Each record must be printed exactly as given.

Study material below:

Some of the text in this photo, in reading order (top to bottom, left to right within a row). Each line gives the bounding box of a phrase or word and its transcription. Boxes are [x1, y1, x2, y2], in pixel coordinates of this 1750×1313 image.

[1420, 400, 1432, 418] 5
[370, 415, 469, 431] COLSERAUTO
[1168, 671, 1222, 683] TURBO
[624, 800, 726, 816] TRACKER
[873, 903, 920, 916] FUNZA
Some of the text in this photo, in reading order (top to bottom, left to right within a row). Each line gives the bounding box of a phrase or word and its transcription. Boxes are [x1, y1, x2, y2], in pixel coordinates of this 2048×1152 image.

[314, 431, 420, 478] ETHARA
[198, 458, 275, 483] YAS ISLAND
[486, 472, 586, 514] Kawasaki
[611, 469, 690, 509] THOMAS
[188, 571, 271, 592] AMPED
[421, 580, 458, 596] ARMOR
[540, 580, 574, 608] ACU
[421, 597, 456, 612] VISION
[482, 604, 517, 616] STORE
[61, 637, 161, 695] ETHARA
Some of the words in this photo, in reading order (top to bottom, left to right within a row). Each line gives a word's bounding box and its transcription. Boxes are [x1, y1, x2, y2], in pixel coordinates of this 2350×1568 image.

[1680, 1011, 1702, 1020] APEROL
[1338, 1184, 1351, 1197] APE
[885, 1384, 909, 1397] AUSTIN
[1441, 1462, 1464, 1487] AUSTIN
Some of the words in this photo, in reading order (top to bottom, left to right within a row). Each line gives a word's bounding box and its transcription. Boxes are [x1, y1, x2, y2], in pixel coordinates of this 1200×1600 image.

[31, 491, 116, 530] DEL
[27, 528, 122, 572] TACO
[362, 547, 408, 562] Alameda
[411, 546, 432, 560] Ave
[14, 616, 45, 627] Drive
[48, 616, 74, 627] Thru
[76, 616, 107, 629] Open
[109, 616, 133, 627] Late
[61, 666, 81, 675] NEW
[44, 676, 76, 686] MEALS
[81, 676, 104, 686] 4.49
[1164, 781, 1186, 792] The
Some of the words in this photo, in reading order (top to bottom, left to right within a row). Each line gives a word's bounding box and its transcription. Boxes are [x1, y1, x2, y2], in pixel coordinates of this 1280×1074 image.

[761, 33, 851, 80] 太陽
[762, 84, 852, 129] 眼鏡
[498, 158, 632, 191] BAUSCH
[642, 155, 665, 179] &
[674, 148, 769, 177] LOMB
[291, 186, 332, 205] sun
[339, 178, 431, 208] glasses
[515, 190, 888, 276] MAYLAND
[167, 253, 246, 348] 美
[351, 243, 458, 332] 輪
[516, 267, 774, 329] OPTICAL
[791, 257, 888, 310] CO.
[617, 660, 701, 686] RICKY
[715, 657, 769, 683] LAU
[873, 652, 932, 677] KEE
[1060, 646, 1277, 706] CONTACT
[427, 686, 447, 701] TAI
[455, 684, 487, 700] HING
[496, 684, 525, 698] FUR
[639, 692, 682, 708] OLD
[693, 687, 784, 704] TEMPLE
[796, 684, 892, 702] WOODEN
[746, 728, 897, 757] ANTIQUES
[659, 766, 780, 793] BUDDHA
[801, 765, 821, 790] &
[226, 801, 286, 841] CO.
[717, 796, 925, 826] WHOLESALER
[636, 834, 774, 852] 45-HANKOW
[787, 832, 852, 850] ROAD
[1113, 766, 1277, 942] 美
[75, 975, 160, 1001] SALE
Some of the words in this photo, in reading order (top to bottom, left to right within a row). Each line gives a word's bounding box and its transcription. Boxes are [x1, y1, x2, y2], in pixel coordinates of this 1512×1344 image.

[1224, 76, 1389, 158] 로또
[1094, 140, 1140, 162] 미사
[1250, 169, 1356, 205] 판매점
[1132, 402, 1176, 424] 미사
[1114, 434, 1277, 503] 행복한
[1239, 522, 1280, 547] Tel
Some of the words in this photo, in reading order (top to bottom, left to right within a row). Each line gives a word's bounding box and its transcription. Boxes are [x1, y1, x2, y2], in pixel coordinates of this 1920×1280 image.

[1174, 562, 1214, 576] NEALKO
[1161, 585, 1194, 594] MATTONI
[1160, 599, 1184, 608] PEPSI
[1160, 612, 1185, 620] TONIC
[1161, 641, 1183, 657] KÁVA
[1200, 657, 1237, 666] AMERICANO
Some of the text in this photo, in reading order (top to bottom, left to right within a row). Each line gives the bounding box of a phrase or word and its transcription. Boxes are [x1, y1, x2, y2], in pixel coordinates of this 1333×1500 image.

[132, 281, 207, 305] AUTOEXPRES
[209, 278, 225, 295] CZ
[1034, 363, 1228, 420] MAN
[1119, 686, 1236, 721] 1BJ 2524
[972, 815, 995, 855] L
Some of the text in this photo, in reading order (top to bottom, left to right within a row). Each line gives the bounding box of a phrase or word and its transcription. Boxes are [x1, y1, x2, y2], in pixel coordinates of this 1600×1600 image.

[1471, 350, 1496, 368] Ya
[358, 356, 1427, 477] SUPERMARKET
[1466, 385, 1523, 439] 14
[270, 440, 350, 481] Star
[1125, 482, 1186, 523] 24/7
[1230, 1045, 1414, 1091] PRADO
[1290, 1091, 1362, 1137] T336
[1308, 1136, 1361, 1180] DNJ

End of Study material.

* _Your solution_
Some of the text in this photo, in reading order (top to bottom, left to right within a row). Each line gives the bounding box of a phrase or word and its transcription. Boxes are [x1, y1, x2, y2], in pixel coordinates of this 1750×1313 image.

[1420, 400, 1432, 418] 5
[370, 415, 469, 431] COLSERAUTO
[1168, 671, 1222, 683] TURBO
[624, 800, 726, 816] TRACKER
[873, 903, 920, 916] FUNZA
Some of the text in this photo, in reading order (top to bottom, left to right within a row). Each line gives the bounding box of a phrase or word and its transcription. Boxes are [x1, y1, x2, y2], in pixel coordinates of this 2048×1152 image.

[314, 431, 420, 478] ETHARA
[198, 458, 275, 483] YAS ISLAND
[486, 472, 586, 514] Kawasaki
[611, 469, 690, 509] THOMAS
[188, 571, 271, 592] AMPED
[421, 580, 458, 596] ARMOR
[540, 580, 574, 608] ACU
[421, 597, 456, 612] VISION
[482, 604, 517, 616] STORE
[61, 637, 161, 695] ETHARA
Some of the words in this photo, in reading order (top to bottom, left to right within a row). Each line gives a word's bounding box and its transcription. Boxes are [x1, y1, x2, y2], in pixel coordinates of this 2350×1568 image.

[1680, 1011, 1702, 1020] APEROL
[1338, 1184, 1351, 1197] APE
[885, 1384, 909, 1397] AUSTIN
[1441, 1462, 1464, 1487] AUSTIN
Some of the words in this photo, in reading order (top to bottom, left to right within a row). Each line gives a word's bounding box and its transcription. Boxes are [x1, y1, x2, y2], in pixel coordinates of this 1200×1600 image.

[31, 491, 116, 530] DEL
[27, 528, 122, 572] TACO
[362, 547, 408, 562] Alameda
[411, 546, 432, 560] Ave
[14, 616, 45, 627] Drive
[48, 616, 74, 627] Thru
[76, 616, 107, 629] Open
[109, 616, 133, 627] Late
[61, 666, 81, 675] NEW
[44, 676, 76, 686] MEALS
[81, 676, 104, 686] 4.49
[1164, 781, 1186, 792] The
Some of the words in this photo, in reading order (top to bottom, left to right within a row). Each line gives a word's bounding box and its transcription. Boxes are [x1, y1, x2, y2], in pixel coordinates of this 1280×1074 image.

[761, 33, 851, 80] 太陽
[762, 84, 852, 129] 眼鏡
[498, 158, 632, 191] BAUSCH
[642, 155, 665, 179] &
[674, 148, 769, 177] LOMB
[291, 186, 332, 205] sun
[339, 178, 431, 208] glasses
[515, 190, 888, 276] MAYLAND
[167, 253, 246, 348] 美
[351, 243, 458, 332] 輪
[516, 267, 774, 329] OPTICAL
[791, 257, 888, 310] CO.
[617, 660, 701, 686] RICKY
[715, 657, 769, 683] LAU
[873, 652, 932, 677] KEE
[1060, 646, 1277, 706] CONTACT
[427, 686, 447, 701] TAI
[455, 684, 487, 700] HING
[496, 684, 525, 698] FUR
[639, 692, 682, 708] OLD
[693, 687, 784, 704] TEMPLE
[796, 684, 892, 702] WOODEN
[746, 728, 897, 757] ANTIQUES
[659, 766, 780, 793] BUDDHA
[801, 765, 821, 790] &
[226, 801, 286, 841] CO.
[717, 796, 925, 826] WHOLESALER
[636, 834, 774, 852] 45-HANKOW
[787, 832, 852, 850] ROAD
[1113, 766, 1277, 942] 美
[75, 975, 160, 1001] SALE
Some of the words in this photo, in reading order (top to bottom, left to right within a row). Each line gives a word's bounding box and its transcription. Boxes are [x1, y1, x2, y2], in pixel coordinates of this 1512×1344 image.

[1224, 76, 1389, 158] 로또
[1094, 140, 1140, 162] 미사
[1250, 169, 1356, 205] 판매점
[1132, 402, 1176, 424] 미사
[1114, 434, 1277, 503] 행복한
[1239, 522, 1280, 547] Tel
Some of the words in this photo, in reading order (top to bottom, left to right within a row). Each line gives a word's bounding box and its transcription. Boxes are [x1, y1, x2, y2], in pixel coordinates of this 1920×1280 image.

[1174, 562, 1214, 576] NEALKO
[1161, 585, 1194, 594] MATTONI
[1160, 599, 1184, 608] PEPSI
[1160, 612, 1185, 620] TONIC
[1161, 641, 1183, 657] KÁVA
[1200, 657, 1237, 666] AMERICANO
Some of the text in this photo, in reading order (top to bottom, left to right within a row). Each line gives the bounding box of a phrase or word and its transcription. Boxes are [x1, y1, x2, y2], in pixel coordinates of this 1333×1500 image.

[132, 281, 207, 305] AUTOEXPRES
[209, 278, 225, 295] CZ
[1034, 363, 1228, 420] MAN
[1119, 686, 1236, 721] 1BJ 2524
[972, 815, 995, 855] L
Some of the text in this photo, in reading order (top to bottom, left to right within a row). Each line gives the bounding box of a phrase or word and its transcription. Boxes are [x1, y1, x2, y2], in pixel coordinates of this 1600×1600 image.

[1471, 350, 1496, 368] Ya
[358, 356, 1427, 477] SUPERMARKET
[1466, 385, 1523, 439] 14
[270, 440, 350, 481] Star
[1125, 482, 1186, 523] 24/7
[1230, 1045, 1414, 1091] PRADO
[1290, 1091, 1362, 1137] T336
[1308, 1136, 1361, 1180] DNJ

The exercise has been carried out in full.